Uncertainty-based auto-calibration for crop yield – the EPIC+ procedure for a case study in Sub-Saharan Africa

Abstract

Process-based crop models are increasingly used to assess the effects of different agricultural management practices on crop yield. However, calibration of historic crop yield is a challenging and time-consuming task due to data limitation and lack of adaptive auto-calibration tools compatible with the model to be calibrated on different spatial and temporal scales. In this study we linked the general auto-calibration procedure SUFI-2 (Sequential Uncertainty Fitting Procedure) to the crop model EPIC (Environmental Policy Integrated Climate) to calibrate maize yield in Sub-Saharan African (SSA) countries. This resulted in the creation of a user-friendly software, EPIC+, for crop model calibration at spatial levels of grid to continent. EPIC+ greatly speeds up the calibration process with quantification of parameter ranges and prediction uncertainty.
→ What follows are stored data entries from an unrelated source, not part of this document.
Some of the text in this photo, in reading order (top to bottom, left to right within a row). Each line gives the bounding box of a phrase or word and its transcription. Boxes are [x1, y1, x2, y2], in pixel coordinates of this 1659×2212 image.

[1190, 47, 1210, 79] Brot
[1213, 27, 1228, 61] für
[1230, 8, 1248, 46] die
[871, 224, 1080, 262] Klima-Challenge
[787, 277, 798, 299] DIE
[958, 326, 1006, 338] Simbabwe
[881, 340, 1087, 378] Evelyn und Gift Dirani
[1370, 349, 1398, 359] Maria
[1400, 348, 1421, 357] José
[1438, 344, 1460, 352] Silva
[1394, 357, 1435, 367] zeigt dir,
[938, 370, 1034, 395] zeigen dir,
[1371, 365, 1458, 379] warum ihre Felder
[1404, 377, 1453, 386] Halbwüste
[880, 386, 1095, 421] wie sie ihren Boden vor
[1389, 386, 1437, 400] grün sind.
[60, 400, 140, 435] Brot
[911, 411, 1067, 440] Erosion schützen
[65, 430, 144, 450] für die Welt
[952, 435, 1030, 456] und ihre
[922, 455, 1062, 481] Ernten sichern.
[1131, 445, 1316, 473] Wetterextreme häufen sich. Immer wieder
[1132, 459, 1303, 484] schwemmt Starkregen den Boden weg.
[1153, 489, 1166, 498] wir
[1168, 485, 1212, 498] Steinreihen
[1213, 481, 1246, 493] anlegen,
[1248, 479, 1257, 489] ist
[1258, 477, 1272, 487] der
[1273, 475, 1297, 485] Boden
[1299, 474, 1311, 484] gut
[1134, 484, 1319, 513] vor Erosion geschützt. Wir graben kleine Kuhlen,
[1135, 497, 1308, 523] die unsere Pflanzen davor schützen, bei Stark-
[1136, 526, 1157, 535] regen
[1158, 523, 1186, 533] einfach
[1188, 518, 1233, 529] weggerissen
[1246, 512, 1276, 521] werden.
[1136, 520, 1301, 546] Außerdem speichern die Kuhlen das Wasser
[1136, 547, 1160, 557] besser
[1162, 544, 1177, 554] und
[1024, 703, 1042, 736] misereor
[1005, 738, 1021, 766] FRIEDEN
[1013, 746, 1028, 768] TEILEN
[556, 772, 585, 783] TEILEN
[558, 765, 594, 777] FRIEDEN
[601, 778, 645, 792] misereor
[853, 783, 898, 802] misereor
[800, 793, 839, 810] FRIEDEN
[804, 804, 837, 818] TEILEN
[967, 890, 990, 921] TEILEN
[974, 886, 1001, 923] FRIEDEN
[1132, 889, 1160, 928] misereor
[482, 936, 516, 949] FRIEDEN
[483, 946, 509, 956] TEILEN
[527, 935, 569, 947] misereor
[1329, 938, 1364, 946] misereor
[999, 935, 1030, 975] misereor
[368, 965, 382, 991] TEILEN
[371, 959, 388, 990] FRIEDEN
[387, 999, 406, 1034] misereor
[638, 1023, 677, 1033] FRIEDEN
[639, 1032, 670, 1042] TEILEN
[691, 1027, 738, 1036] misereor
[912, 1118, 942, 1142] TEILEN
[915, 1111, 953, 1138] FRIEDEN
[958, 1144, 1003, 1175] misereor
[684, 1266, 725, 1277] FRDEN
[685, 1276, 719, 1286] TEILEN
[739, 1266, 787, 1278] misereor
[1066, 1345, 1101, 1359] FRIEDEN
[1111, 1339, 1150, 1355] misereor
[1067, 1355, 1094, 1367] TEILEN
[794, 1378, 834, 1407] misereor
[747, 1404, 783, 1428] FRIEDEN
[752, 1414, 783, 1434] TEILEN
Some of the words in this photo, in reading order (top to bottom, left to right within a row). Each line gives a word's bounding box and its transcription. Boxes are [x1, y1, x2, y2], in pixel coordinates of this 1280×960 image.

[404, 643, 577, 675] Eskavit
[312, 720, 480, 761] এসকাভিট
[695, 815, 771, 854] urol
In the SSA application, we calibrated three sets of parameters referred to as Planting Date (PD), Operation (e.g., fertilizer application, planting density), and Model parameters (e.g., Harvest index, biomass-energy ratio, water stress harvest index, SCS curve number) in three steps to avoid parameter interaction and identifiability problems. In the first step, by adjusting PD parameters, the simulated yield results improved in Western and Central African countries. In the next step, Operation parameters were calibrated for individual countries resulting in a better model performance by more than 40% in many countries. In the third step, Model parameters were calibrated with significant improvements in all countries by an average of 50%. We also found that countries with less socio-political volatility benefited most from the calibration. For countries where agricultural production had trends, we suggest improving the calibration results by applying linear de-trending transformations, which we will explore in more detail in a subsequent study.